Valentina prononçait « Je t’aime » avec la passion du sud, en ouvrant la bouche en forme de O. Après une semaine de bonheur pour Richy, il était temps de rentrer en France. Le garçon ressentait un violent pincement au cœur. Encore une fois : il devait quitter ce qu’il avait de plus cher pour retourner à son fameux programme scolaire. Richy promit à Valentina de lui téléphoner souvent.
Durant son trajet retour, il réfléchit longuement à son avenir, à sa vie. Lorsqu’il débarqua du deuxième train, il rejoignit Albane qui était venue le chercher à la gare du nord de Paris. Dans la voiture, Richy lui parla de son projet d’emménager à Trieste chez les Donnelli et d’y poursuivre ses études.
— Comme ça, mamie m’éduquera comme elle l’a fait pour papa, c’est ce que tu veux, non ? essaya-t-il d’une petite voix.

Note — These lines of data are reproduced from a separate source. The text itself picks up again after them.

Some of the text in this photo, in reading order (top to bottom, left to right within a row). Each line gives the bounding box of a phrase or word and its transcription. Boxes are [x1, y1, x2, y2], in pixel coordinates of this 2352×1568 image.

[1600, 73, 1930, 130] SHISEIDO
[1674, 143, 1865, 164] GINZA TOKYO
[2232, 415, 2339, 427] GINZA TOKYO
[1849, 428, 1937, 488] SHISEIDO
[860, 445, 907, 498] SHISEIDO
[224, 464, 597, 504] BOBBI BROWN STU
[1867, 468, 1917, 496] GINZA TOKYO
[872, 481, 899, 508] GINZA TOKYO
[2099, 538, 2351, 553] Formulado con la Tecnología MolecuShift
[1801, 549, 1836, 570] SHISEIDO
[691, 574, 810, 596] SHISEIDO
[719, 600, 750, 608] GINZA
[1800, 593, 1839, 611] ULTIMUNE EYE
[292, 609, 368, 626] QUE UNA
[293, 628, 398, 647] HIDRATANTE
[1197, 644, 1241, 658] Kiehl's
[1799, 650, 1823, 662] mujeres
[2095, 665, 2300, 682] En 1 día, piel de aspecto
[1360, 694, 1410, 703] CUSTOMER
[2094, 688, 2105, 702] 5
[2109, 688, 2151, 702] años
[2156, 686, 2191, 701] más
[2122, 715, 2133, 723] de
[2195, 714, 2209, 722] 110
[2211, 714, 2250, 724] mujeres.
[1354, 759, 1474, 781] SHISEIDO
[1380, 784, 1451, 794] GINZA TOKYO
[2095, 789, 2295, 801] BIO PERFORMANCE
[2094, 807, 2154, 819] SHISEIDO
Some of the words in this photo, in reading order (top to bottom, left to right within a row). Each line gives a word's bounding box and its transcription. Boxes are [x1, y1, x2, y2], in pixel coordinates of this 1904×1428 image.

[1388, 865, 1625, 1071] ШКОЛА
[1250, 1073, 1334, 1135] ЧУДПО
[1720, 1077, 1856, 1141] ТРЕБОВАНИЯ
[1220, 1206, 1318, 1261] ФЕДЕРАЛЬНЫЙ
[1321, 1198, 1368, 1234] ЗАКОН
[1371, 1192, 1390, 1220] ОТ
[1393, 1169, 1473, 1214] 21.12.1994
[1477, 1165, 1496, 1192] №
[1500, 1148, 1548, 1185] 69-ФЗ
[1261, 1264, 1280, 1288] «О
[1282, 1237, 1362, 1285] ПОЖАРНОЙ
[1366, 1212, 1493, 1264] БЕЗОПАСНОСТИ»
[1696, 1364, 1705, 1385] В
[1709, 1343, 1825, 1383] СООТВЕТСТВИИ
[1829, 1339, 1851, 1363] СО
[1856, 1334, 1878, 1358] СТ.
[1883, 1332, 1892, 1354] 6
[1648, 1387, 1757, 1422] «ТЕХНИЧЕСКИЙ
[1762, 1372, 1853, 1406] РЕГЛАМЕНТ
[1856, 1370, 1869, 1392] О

Il souhaitait la persuader. Il savait sa mère naïve avec les autres, mais avec lui, elle n’était jamais dupe. Pourtant, son idée lui semblait vraiment bonne. Il avait retourné le problème dans tous les sens et cette excuse lui paraissait la plus à même de satisfaire tout le monde. De toute façon, que ce soit en France, en Belgique ou en Italie, il pourrait apprendre la science de la même façon. Albane regardait la route. Elle ne parut pas surprise par sa demande. Elle lui jeta un coup d’œil avant de lancer :
— Mais chéri... je ne voulais pas te l’annoncer de cette façon… mais tes grands-parents pensent à divorcer.
Richy ouvrit de grands yeux. Il réagit au quart de tour :
— Quoi ?! Quand comptais-tu me le dire ? Je ne suis plus un enfant ! Je ne suis pas ta chose ! Arrête de tout vouloir contrôler !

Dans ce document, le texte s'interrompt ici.